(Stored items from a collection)
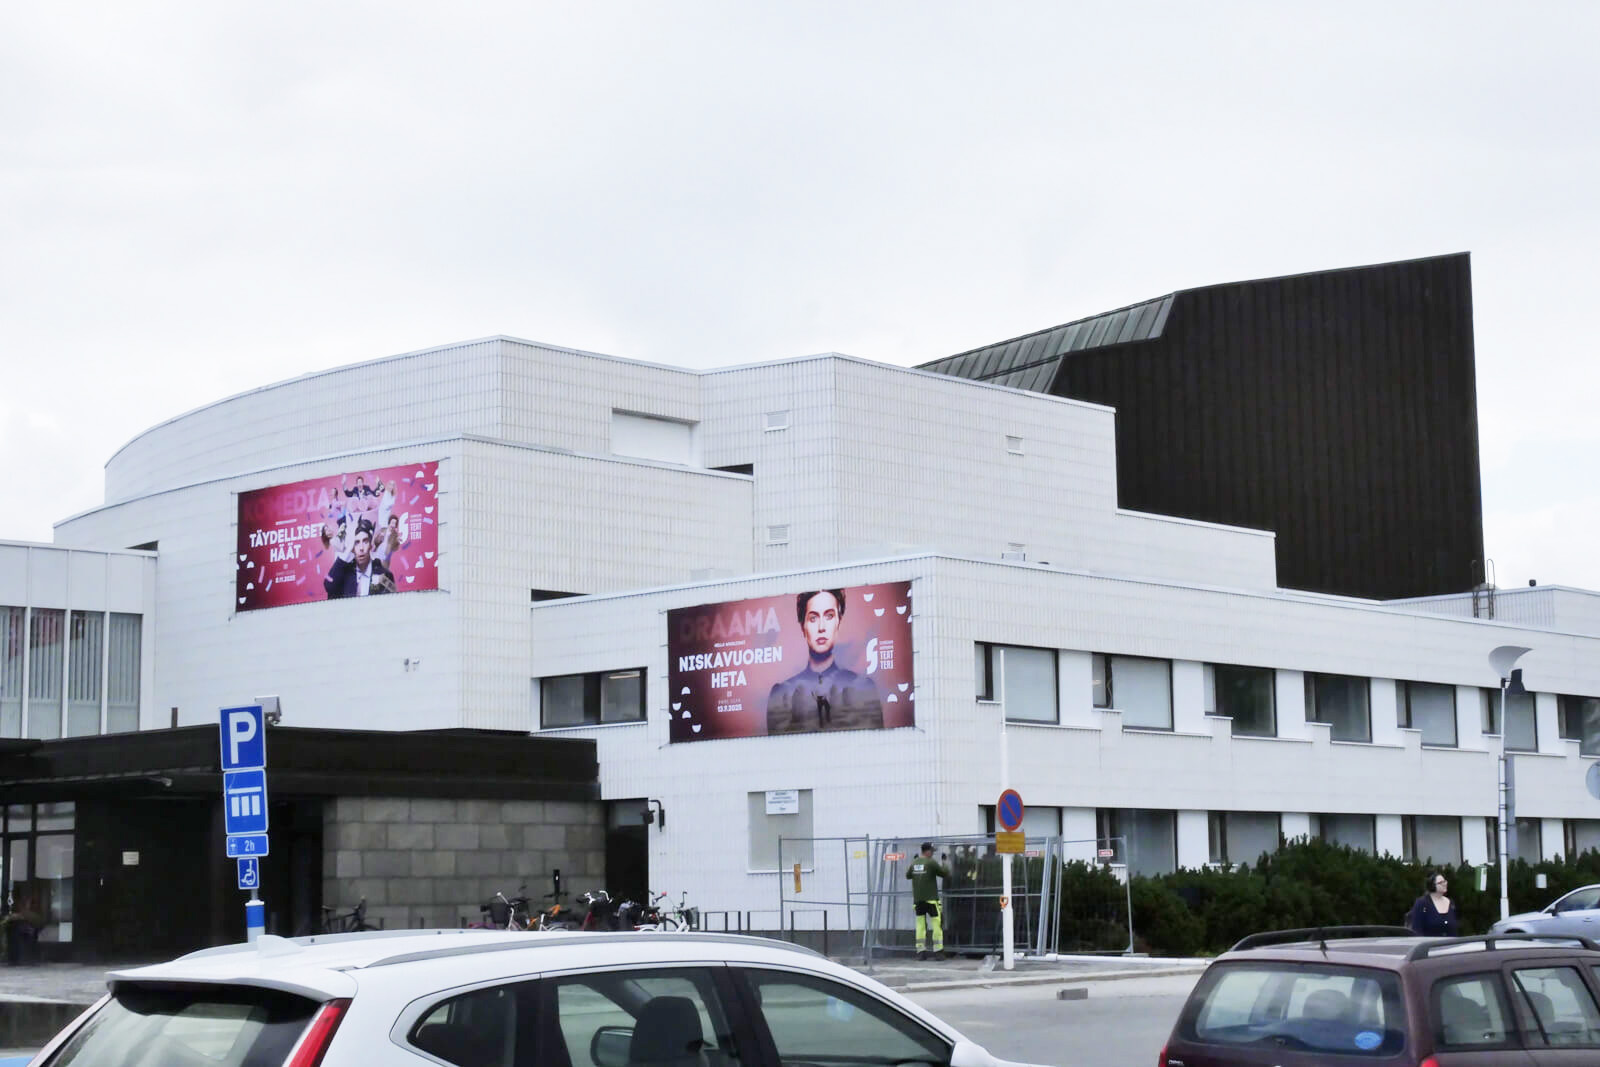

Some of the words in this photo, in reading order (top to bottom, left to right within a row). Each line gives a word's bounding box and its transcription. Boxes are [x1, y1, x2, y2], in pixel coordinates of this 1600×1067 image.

[249, 522, 325, 548] TÄYDELLISET
[270, 544, 302, 563] HÄÄT
[680, 607, 780, 639] DRAAMA
[679, 647, 782, 672] NISKAVUOREN
[711, 671, 747, 689] HETA
[228, 711, 257, 765] P
[244, 840, 255, 852] 2h
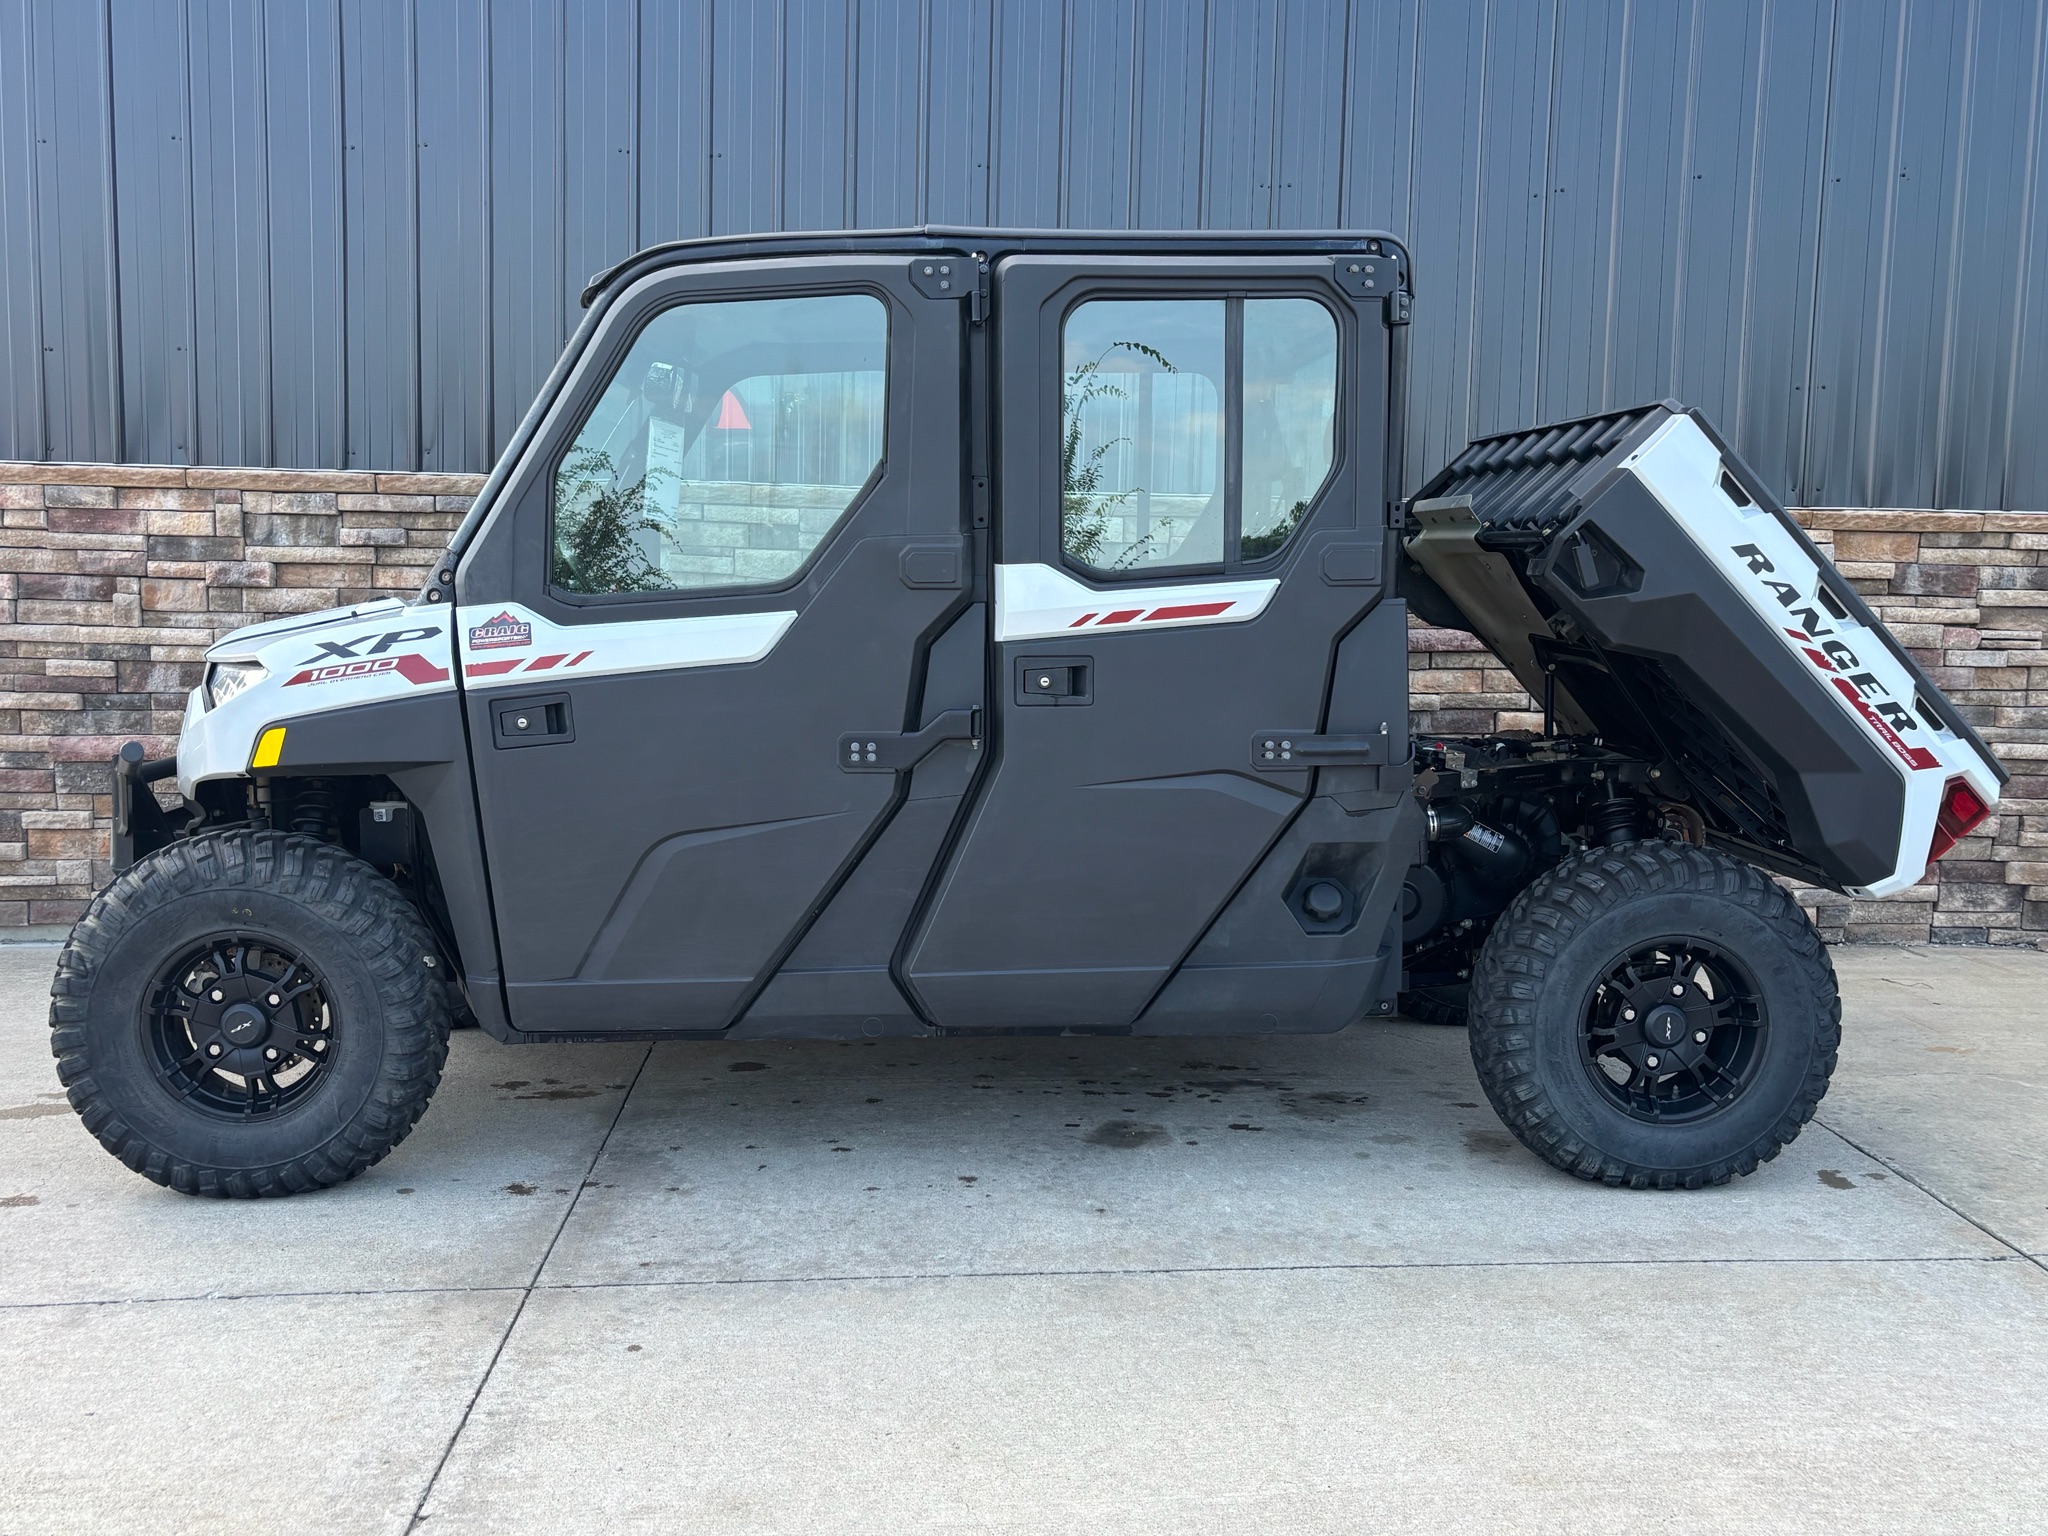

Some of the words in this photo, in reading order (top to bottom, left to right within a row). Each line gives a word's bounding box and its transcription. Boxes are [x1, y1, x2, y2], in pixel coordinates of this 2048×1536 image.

[294, 626, 443, 667] XP
[470, 624, 529, 638] CRAIG
[1731, 543, 1918, 733] RANGER
[310, 657, 400, 681] 1000
[329, 673, 372, 683] OVERHEAD
[1868, 715, 1892, 741] TRAIL
[1892, 741, 1918, 767] BOSS
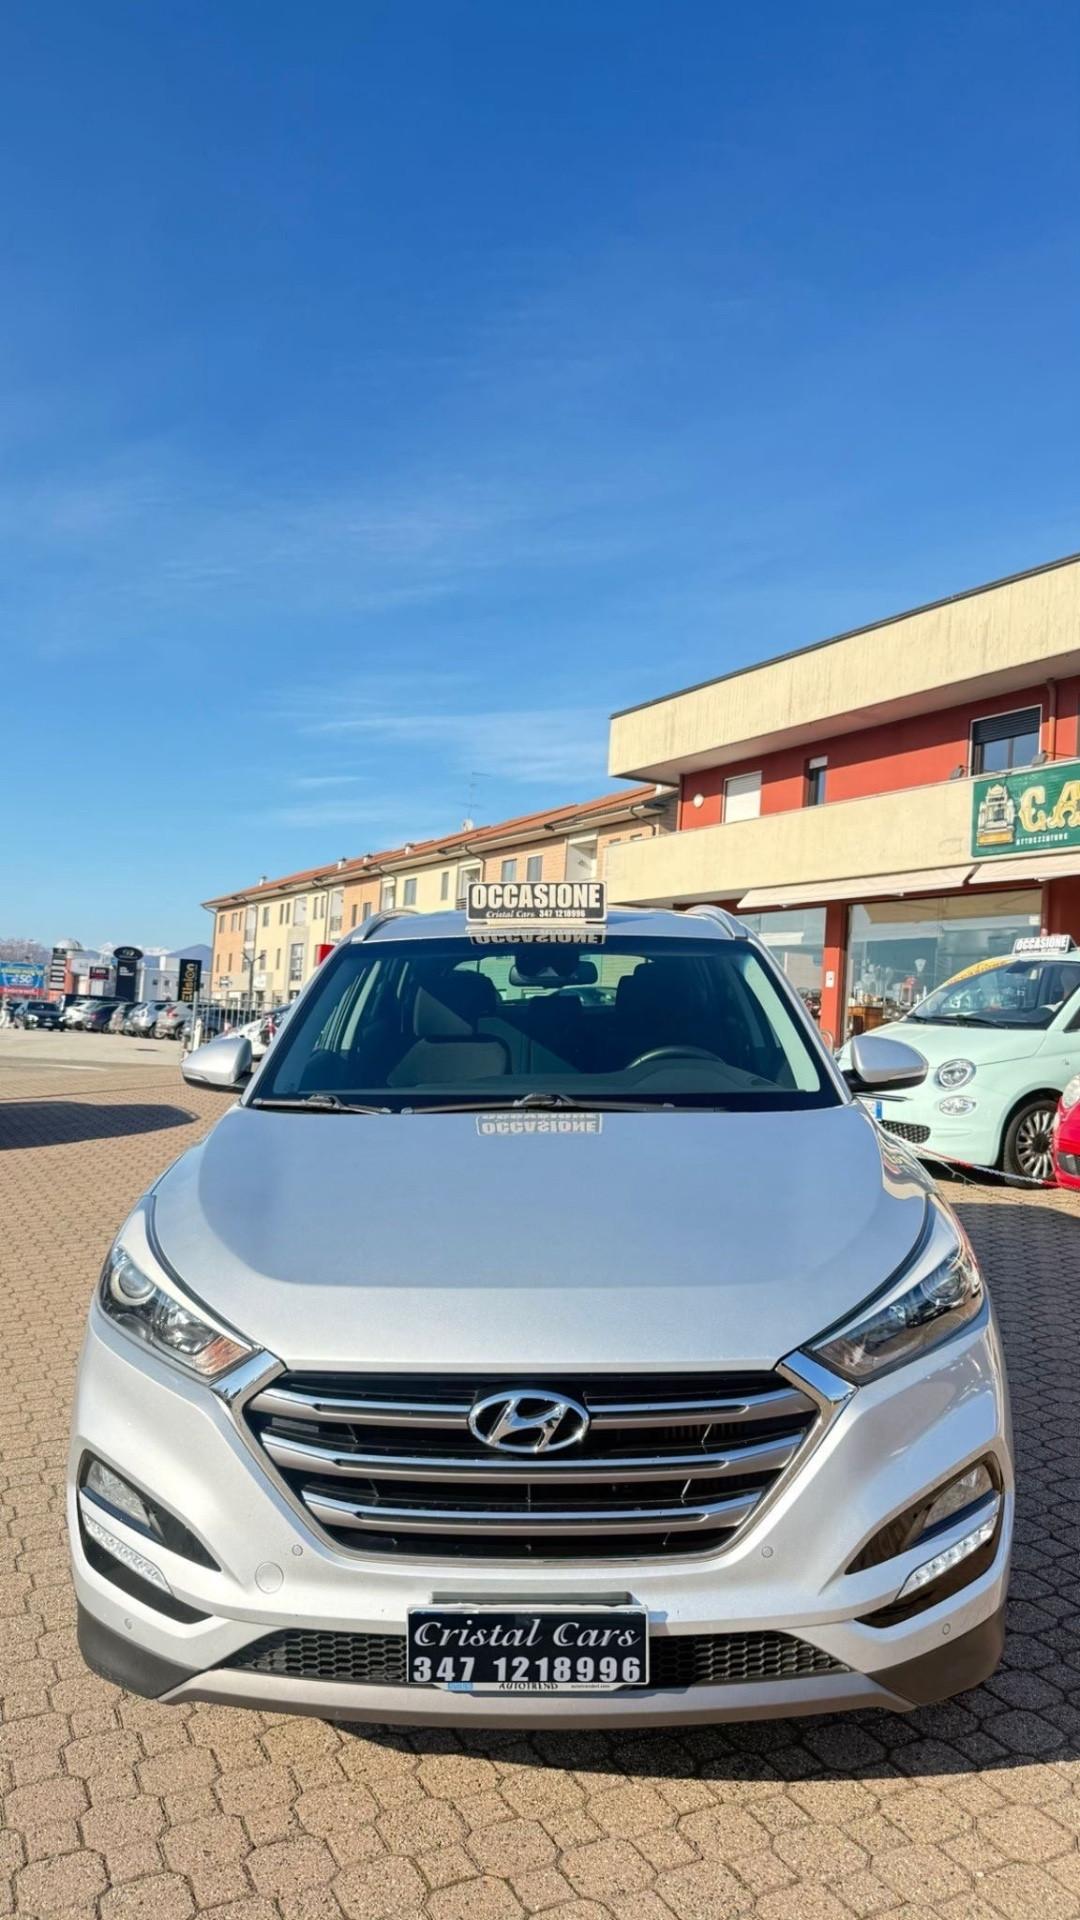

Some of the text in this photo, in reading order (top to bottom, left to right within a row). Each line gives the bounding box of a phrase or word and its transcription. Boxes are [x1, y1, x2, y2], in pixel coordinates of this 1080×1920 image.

[471, 884, 601, 909] OCCASIONE
[486, 909, 586, 918] Cristal Cars 347 1218996
[1016, 934, 1068, 950] OCCASIONE
[414, 1619, 641, 1648] Cristal Cars
[413, 1656, 641, 1682] 347 1218996
[499, 1682, 558, 1691] AUTOTREND

* What this task involves: Could you repeat the entries word for word, skipping the pictures they contain?

* The completed task:
Some of the words in this photo, in reading order (top to bottom, left to right within a row). Each line gives a word's bounding box and its transcription. Boxes are [x1, y1, x2, y2], in pixel coordinates of this 1600×1067 image.

[249, 522, 325, 548] TÄYDELLISET
[270, 544, 302, 563] HÄÄT
[680, 607, 780, 639] DRAAMA
[679, 647, 782, 672] NISKAVUOREN
[711, 671, 747, 689] HETA
[228, 711, 257, 765] P
[244, 840, 255, 852] 2h

Some of the words in this photo, in reading order (top to bottom, left to right within a row). Each line gives a word's bounding box and its transcription. Boxes are [x1, y1, x2, y2], in pixel coordinates of this 2048×1536 image.

[294, 626, 443, 667] XP
[470, 624, 529, 638] CRAIG
[1731, 543, 1918, 733] RANGER
[310, 657, 400, 681] 1000
[329, 673, 372, 683] OVERHEAD
[1868, 715, 1892, 741] TRAIL
[1892, 741, 1918, 767] BOSS

Some of the text in this photo, in reading order (top to bottom, left to right within a row). Each line gives the bounding box of a phrase or word and its transcription. Boxes are [x1, y1, x2, y2], in pixel coordinates of this 1080×1920 image.

[471, 884, 601, 909] OCCASIONE
[486, 909, 586, 918] Cristal Cars 347 1218996
[1016, 934, 1068, 950] OCCASIONE
[414, 1619, 641, 1648] Cristal Cars
[413, 1656, 641, 1682] 347 1218996
[499, 1682, 558, 1691] AUTOTREND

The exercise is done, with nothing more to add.